§ What you need to do: Keep the wording of each record exactly the same when you repeat it, and leave out pictures.

Records from a data collection
=== Section Start ===

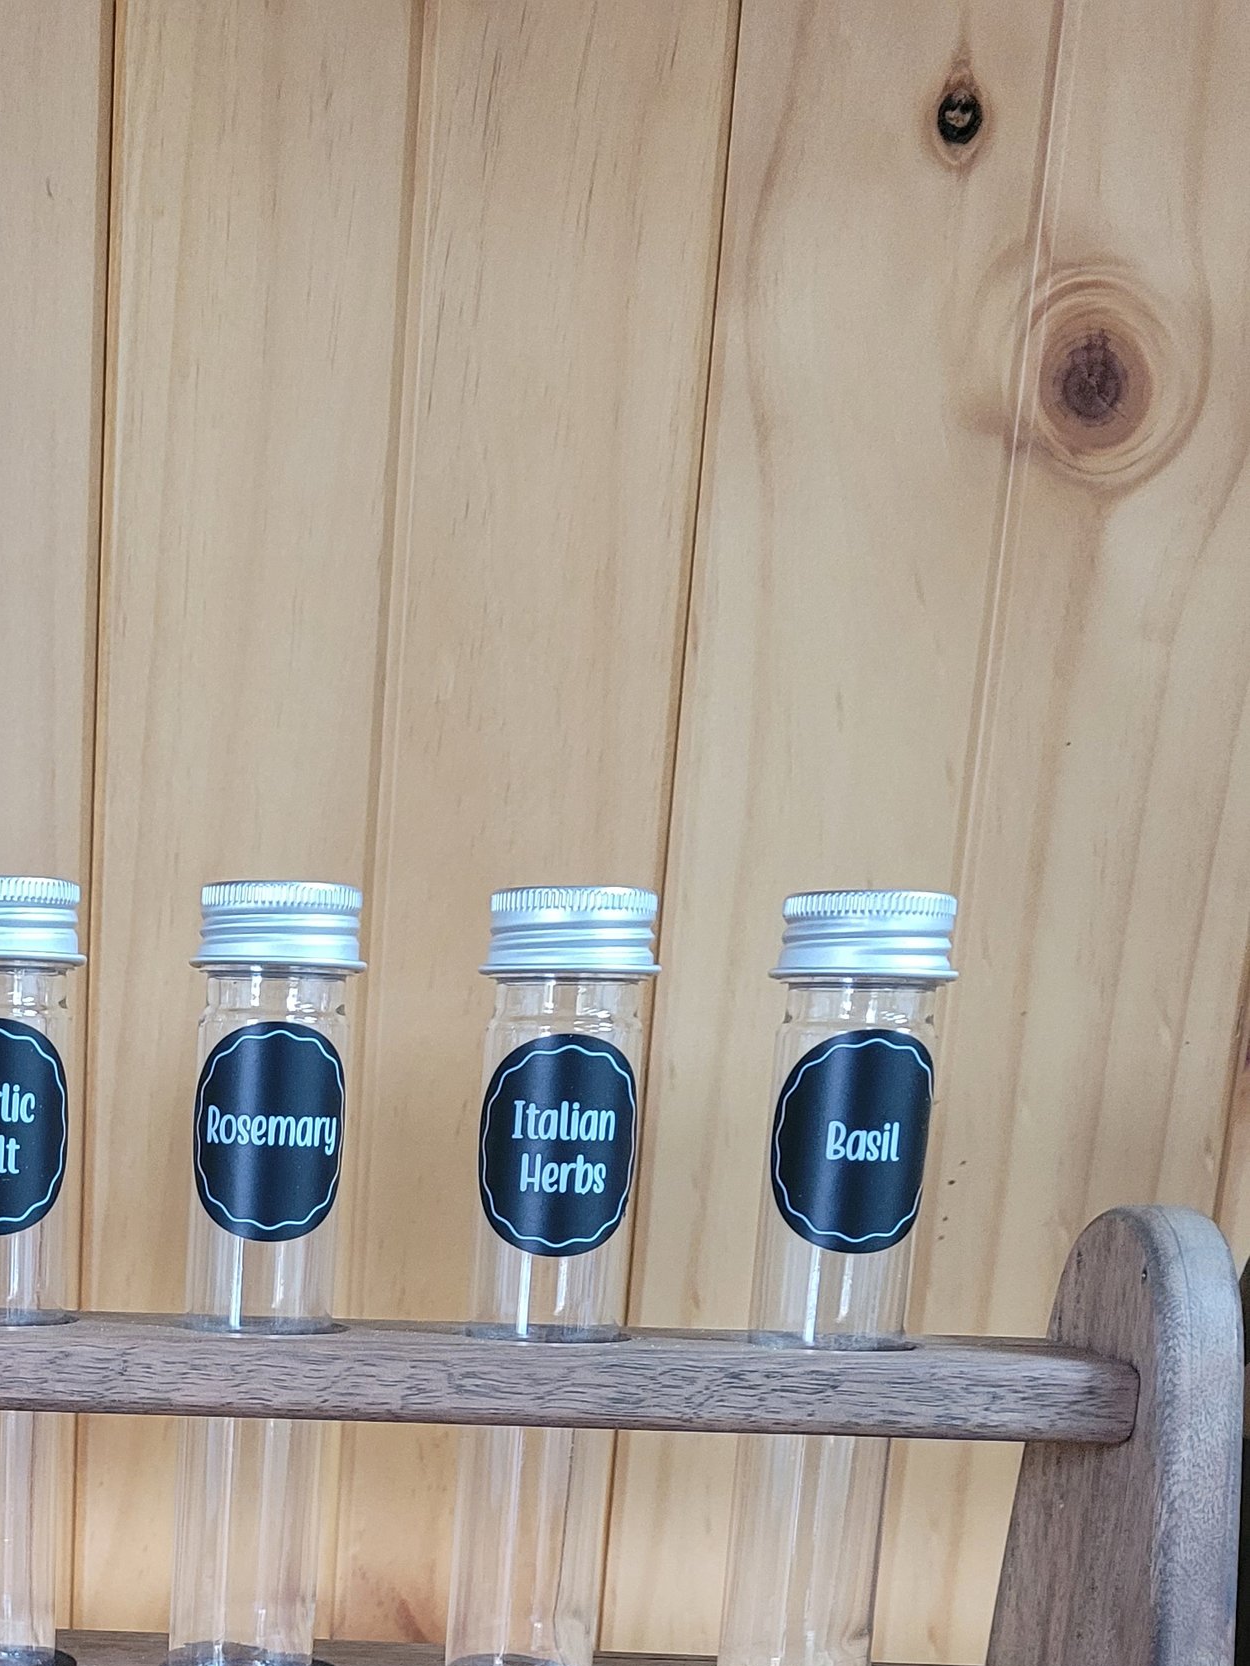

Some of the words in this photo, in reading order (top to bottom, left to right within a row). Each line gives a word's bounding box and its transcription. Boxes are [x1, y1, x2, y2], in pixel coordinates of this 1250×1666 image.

[206, 1104, 337, 1155] Rosemary
[511, 1100, 616, 1141] Italian
[826, 1120, 900, 1162] Basil
[519, 1153, 607, 1195] Herbs

=== Section End ===

§ Response to the task:
Some of the words in this photo, in reading order (top to bottom, left to right within a row). Each line gives a word's bounding box and its transcription. Boxes are [x1, y1, x2, y2], in pixel coordinates of this 1250×1666 image.

[206, 1104, 337, 1155] Rosemary
[511, 1100, 616, 1141] Italian
[826, 1120, 900, 1162] Basil
[519, 1153, 607, 1195] Herbs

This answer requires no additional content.